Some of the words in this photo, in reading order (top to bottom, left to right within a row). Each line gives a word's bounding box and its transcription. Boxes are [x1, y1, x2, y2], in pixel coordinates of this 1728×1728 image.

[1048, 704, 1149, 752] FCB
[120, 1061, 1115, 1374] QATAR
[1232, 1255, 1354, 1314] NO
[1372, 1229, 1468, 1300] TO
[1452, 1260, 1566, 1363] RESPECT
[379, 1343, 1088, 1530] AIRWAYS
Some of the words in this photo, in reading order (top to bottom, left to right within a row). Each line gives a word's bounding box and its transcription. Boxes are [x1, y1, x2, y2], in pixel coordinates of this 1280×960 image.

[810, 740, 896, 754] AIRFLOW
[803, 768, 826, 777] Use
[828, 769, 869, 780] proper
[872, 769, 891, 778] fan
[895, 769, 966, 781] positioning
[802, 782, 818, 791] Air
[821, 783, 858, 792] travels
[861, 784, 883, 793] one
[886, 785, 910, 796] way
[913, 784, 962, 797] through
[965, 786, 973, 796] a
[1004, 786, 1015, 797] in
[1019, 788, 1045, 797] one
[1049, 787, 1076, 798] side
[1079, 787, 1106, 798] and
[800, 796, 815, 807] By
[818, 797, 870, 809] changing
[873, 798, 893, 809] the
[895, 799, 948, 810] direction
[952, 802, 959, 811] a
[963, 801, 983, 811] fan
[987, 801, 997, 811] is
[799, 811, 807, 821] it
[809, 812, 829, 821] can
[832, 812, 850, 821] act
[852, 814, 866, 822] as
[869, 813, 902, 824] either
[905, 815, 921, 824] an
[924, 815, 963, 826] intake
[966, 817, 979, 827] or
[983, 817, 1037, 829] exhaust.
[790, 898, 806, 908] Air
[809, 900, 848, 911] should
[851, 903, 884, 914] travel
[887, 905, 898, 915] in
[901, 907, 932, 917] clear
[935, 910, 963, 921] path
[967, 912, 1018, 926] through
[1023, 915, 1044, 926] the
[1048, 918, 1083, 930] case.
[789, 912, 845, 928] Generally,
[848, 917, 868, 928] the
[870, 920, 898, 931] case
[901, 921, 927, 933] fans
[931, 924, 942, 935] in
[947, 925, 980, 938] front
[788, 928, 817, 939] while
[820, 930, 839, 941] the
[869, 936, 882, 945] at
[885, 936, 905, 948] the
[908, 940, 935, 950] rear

******************************

### To do
Retype the data exactly as given.

### Your solution
Some of the words in this photo, in reading order (top to bottom, left to right within a row). Each line gives a word's bounding box and its transcription. Boxes are [x1, y1, x2, y2], in pixel coordinates of this 1728×1728 image.

[1048, 704, 1149, 752] FCB
[120, 1061, 1115, 1374] QATAR
[1232, 1255, 1354, 1314] NO
[1372, 1229, 1468, 1300] TO
[1452, 1260, 1566, 1363] RESPECT
[379, 1343, 1088, 1530] AIRWAYS
Some of the words in this photo, in reading order (top to bottom, left to right within a row). Each line gives a word's bounding box and its transcription. Boxes are [x1, y1, x2, y2], in pixel coordinates of this 1280×960 image.

[810, 740, 896, 754] AIRFLOW
[803, 768, 826, 777] Use
[828, 769, 869, 780] proper
[872, 769, 891, 778] fan
[895, 769, 966, 781] positioning
[802, 782, 818, 791] Air
[821, 783, 858, 792] travels
[861, 784, 883, 793] one
[886, 785, 910, 796] way
[913, 784, 962, 797] through
[965, 786, 973, 796] a
[1004, 786, 1015, 797] in
[1019, 788, 1045, 797] one
[1049, 787, 1076, 798] side
[1079, 787, 1106, 798] and
[800, 796, 815, 807] By
[818, 797, 870, 809] changing
[873, 798, 893, 809] the
[895, 799, 948, 810] direction
[952, 802, 959, 811] a
[963, 801, 983, 811] fan
[987, 801, 997, 811] is
[799, 811, 807, 821] it
[809, 812, 829, 821] can
[832, 812, 850, 821] act
[852, 814, 866, 822] as
[869, 813, 902, 824] either
[905, 815, 921, 824] an
[924, 815, 963, 826] intake
[966, 817, 979, 827] or
[983, 817, 1037, 829] exhaust.
[790, 898, 806, 908] Air
[809, 900, 848, 911] should
[851, 903, 884, 914] travel
[887, 905, 898, 915] in
[901, 907, 932, 917] clear
[935, 910, 963, 921] path
[967, 912, 1018, 926] through
[1023, 915, 1044, 926] the
[1048, 918, 1083, 930] case.
[789, 912, 845, 928] Generally,
[848, 917, 868, 928] the
[870, 920, 898, 931] case
[901, 921, 927, 933] fans
[931, 924, 942, 935] in
[947, 925, 980, 938] front
[788, 928, 817, 939] while
[820, 930, 839, 941] the
[869, 936, 882, 945] at
[885, 936, 905, 948] the
[908, 940, 935, 950] rear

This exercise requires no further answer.